Directions for this task >> Each record that follows is to be duplicated exactly, though its pictures are not.

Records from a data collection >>
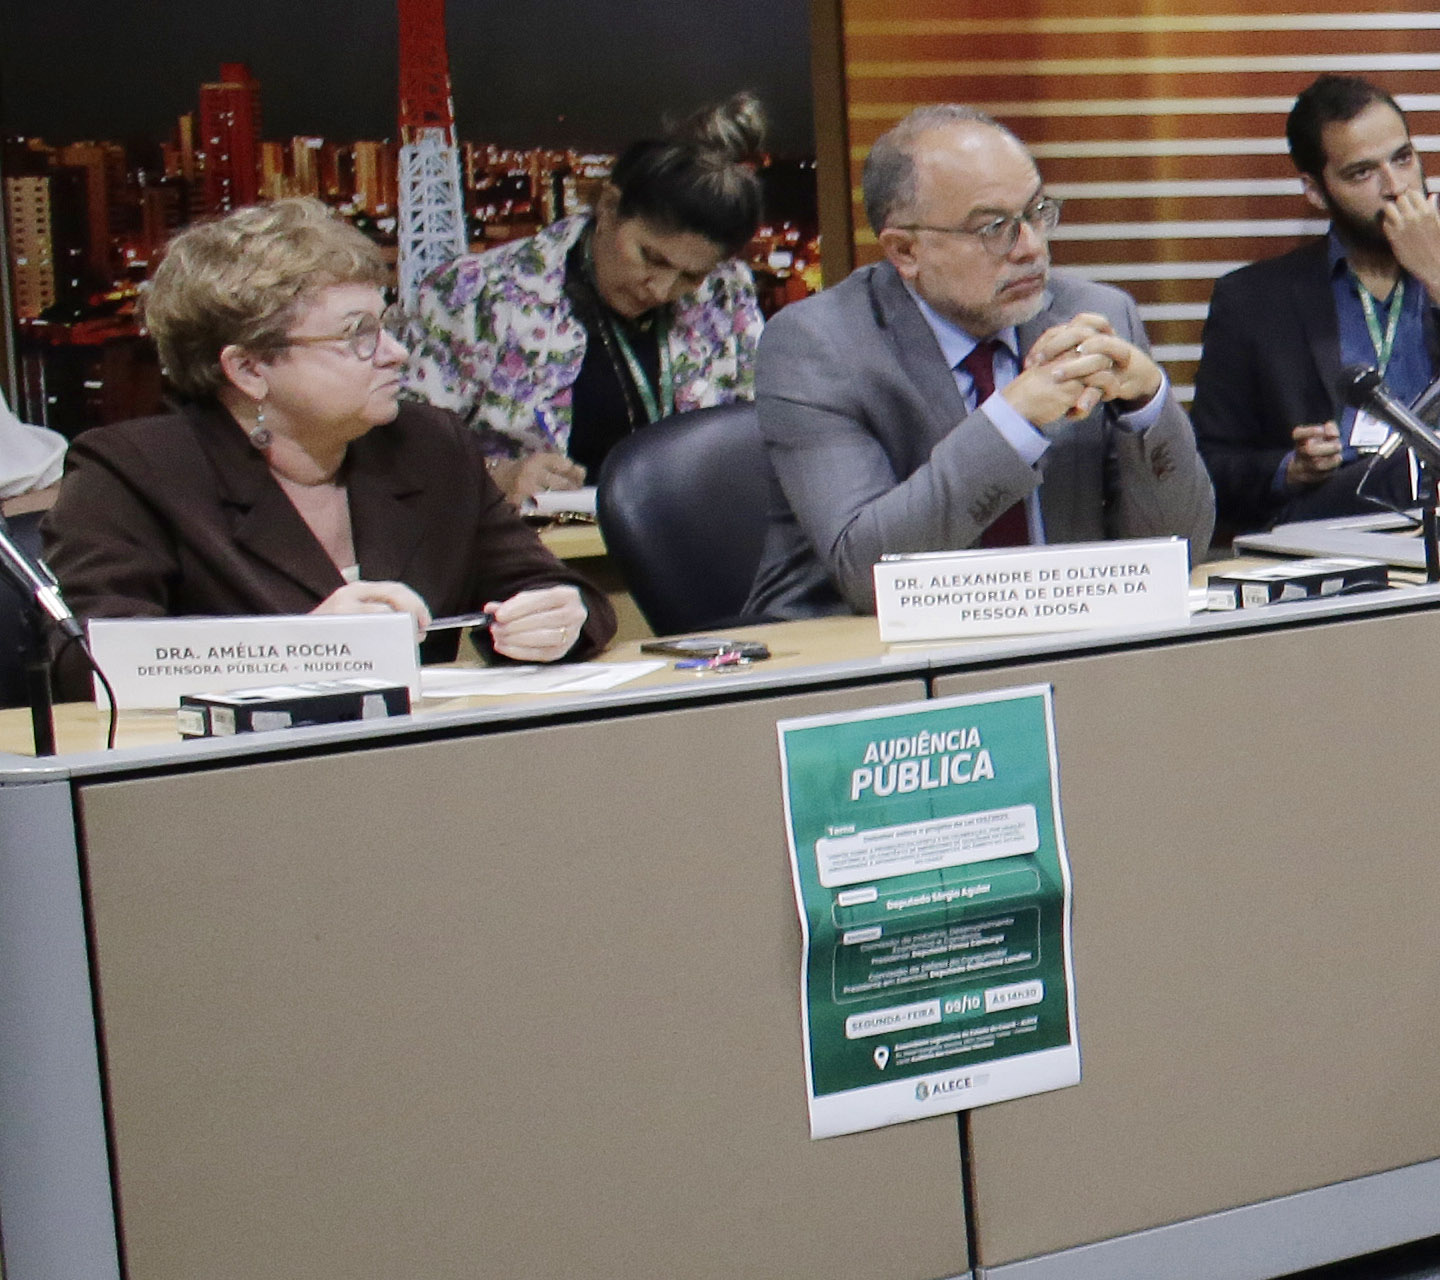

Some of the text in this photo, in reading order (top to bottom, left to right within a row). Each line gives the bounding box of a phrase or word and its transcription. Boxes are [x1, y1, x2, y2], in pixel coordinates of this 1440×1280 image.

[895, 564, 1150, 590] DR. ALEXANDRE DE OLIVEIRA
[901, 582, 1147, 607] PROMOTORIA DE DEFESA DA
[962, 603, 1089, 621] PESSOA IDOSA
[156, 642, 351, 660] DRA. AMÉLIA ROCHA
[138, 665, 219, 676] DEFENSORA
[227, 661, 288, 674] PÚBLICA
[304, 661, 373, 672] NUDECON
[863, 726, 980, 764] AUDIÊNCIA
[851, 749, 994, 800] PÚBLICA
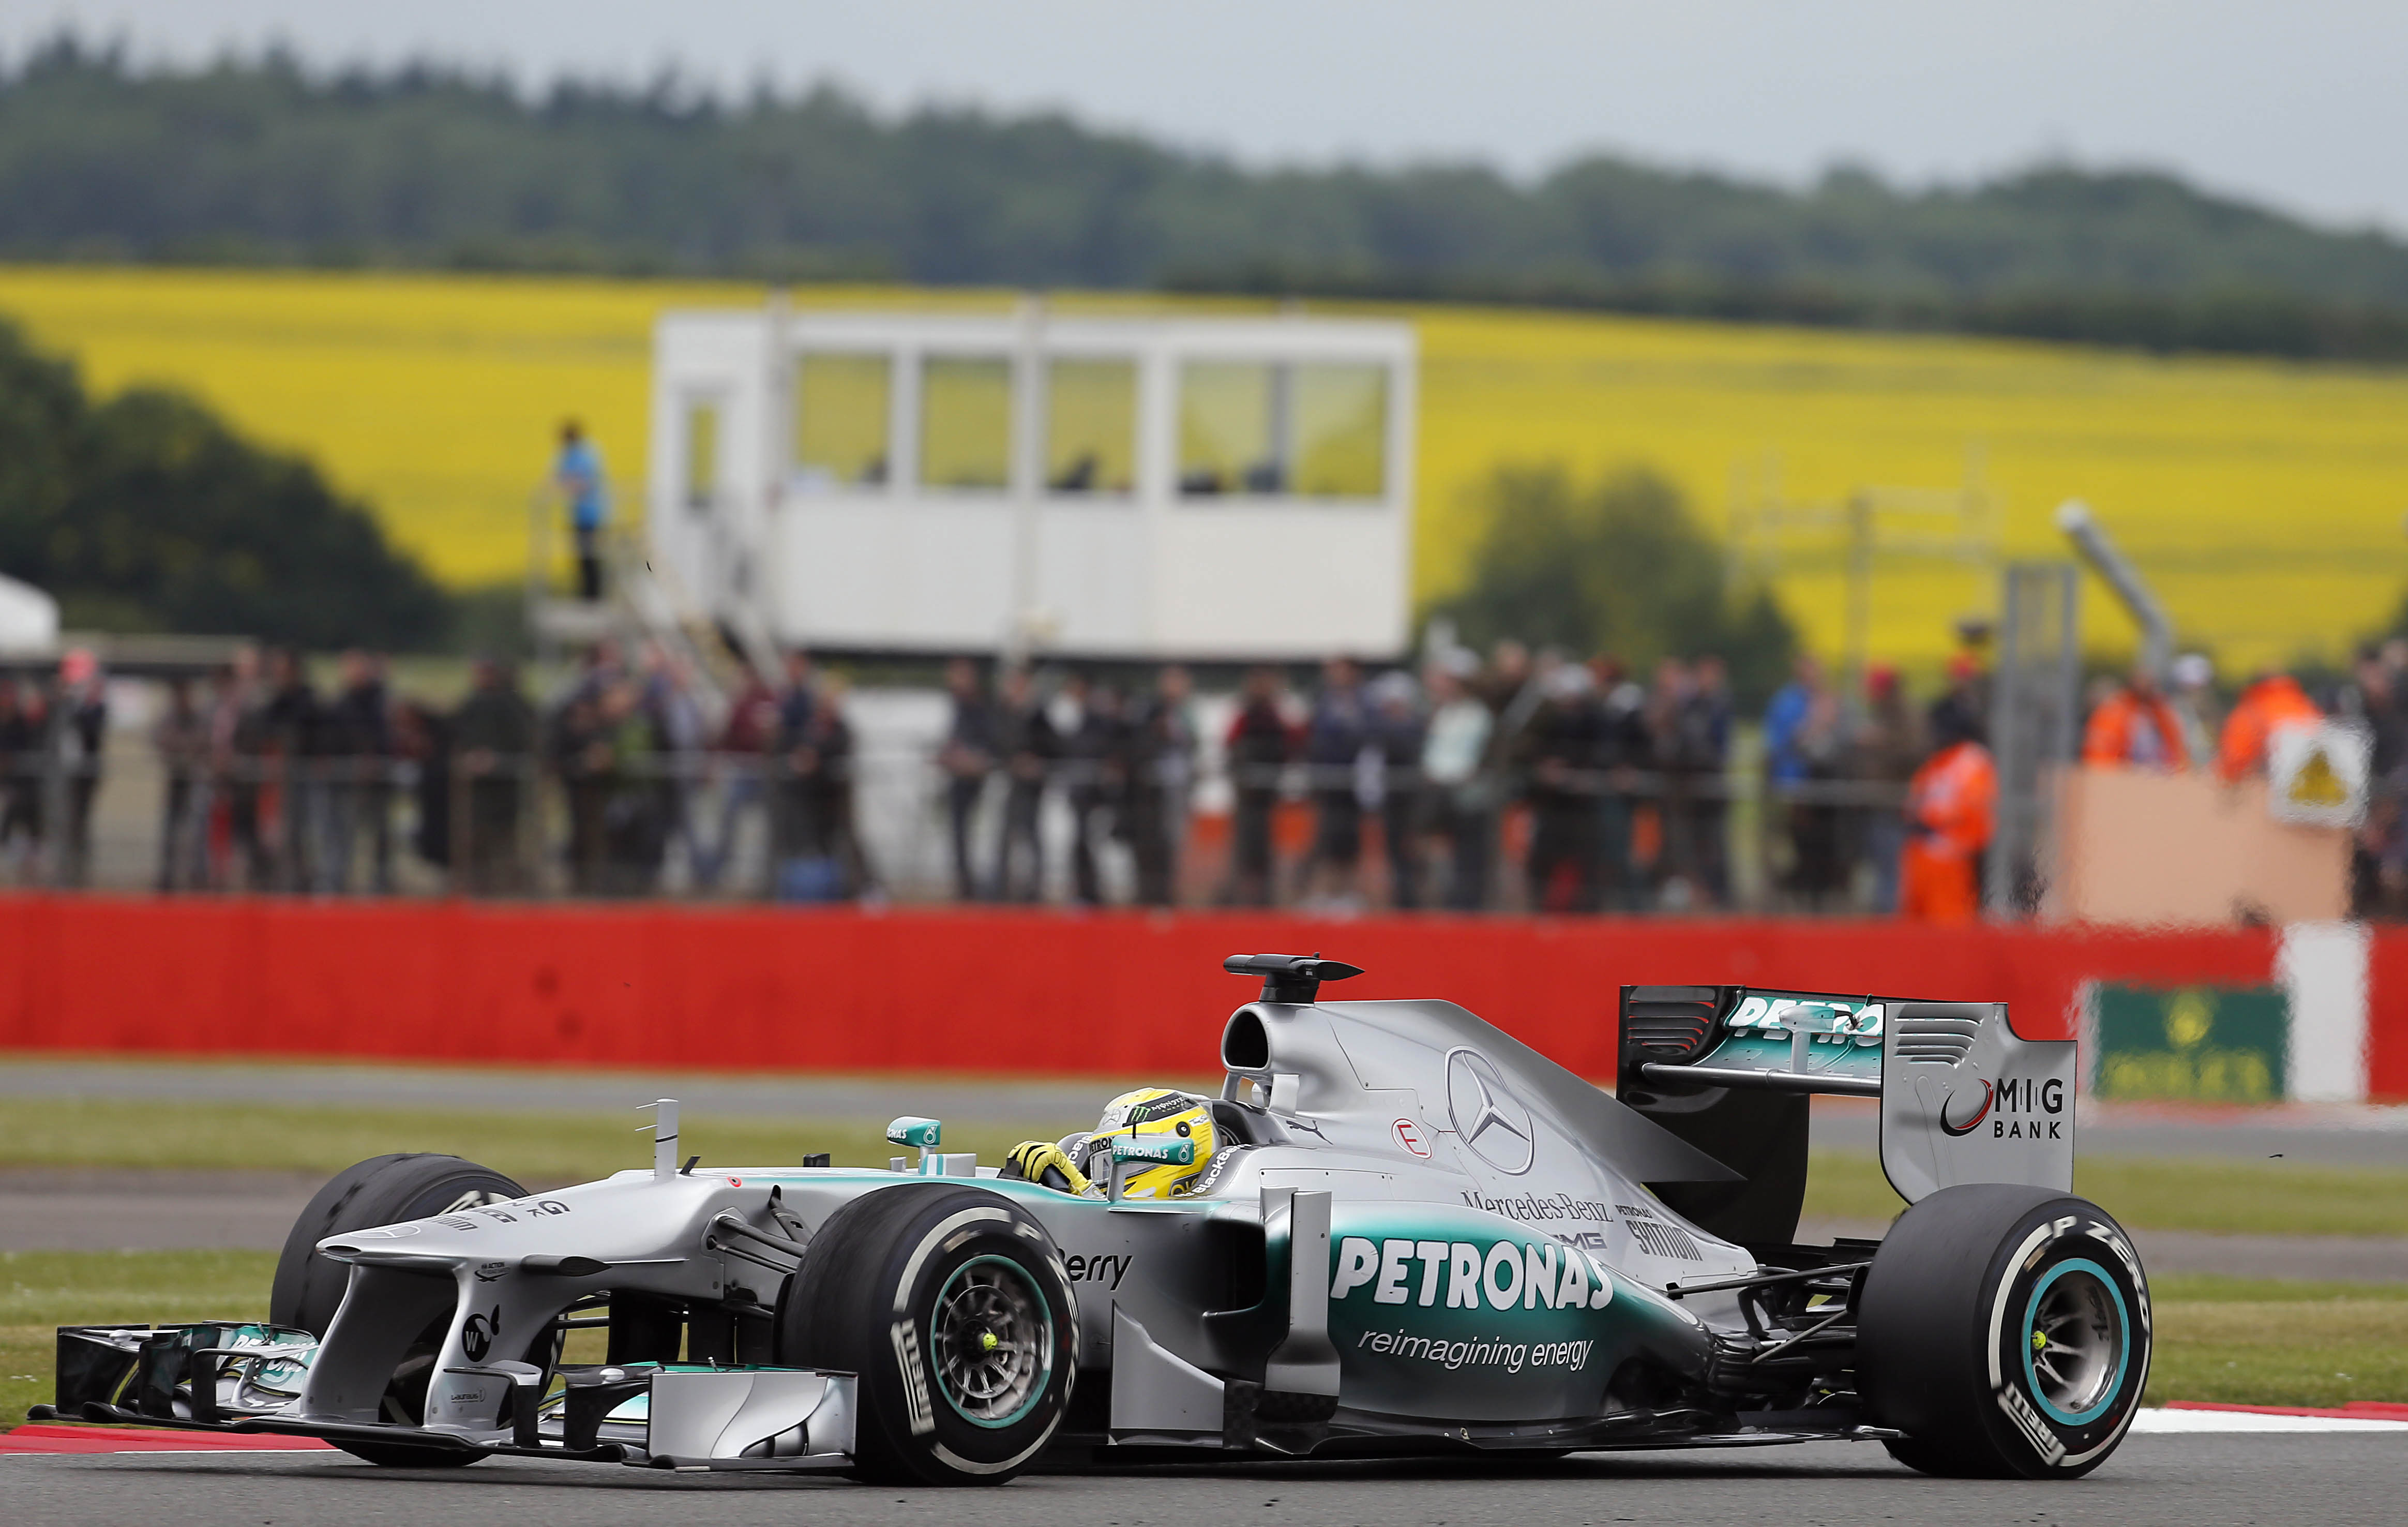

Task result >>
Some of the text in this photo, in reading order (top to bottom, left to right within a row). Each line gives the bounding box of a phrase or word and its transcription. Boxes are [x1, y1, x2, y2], in pixel coordinates of this 1440×1280 image.

[895, 564, 1150, 590] DR. ALEXANDRE DE OLIVEIRA
[901, 582, 1147, 607] PROMOTORIA DE DEFESA DA
[962, 603, 1089, 621] PESSOA IDOSA
[156, 642, 351, 660] DRA. AMÉLIA ROCHA
[138, 665, 219, 676] DEFENSORA
[227, 661, 288, 674] PÚBLICA
[304, 661, 373, 672] NUDECON
[863, 726, 980, 764] AUDIÊNCIA
[851, 749, 994, 800] PÚBLICA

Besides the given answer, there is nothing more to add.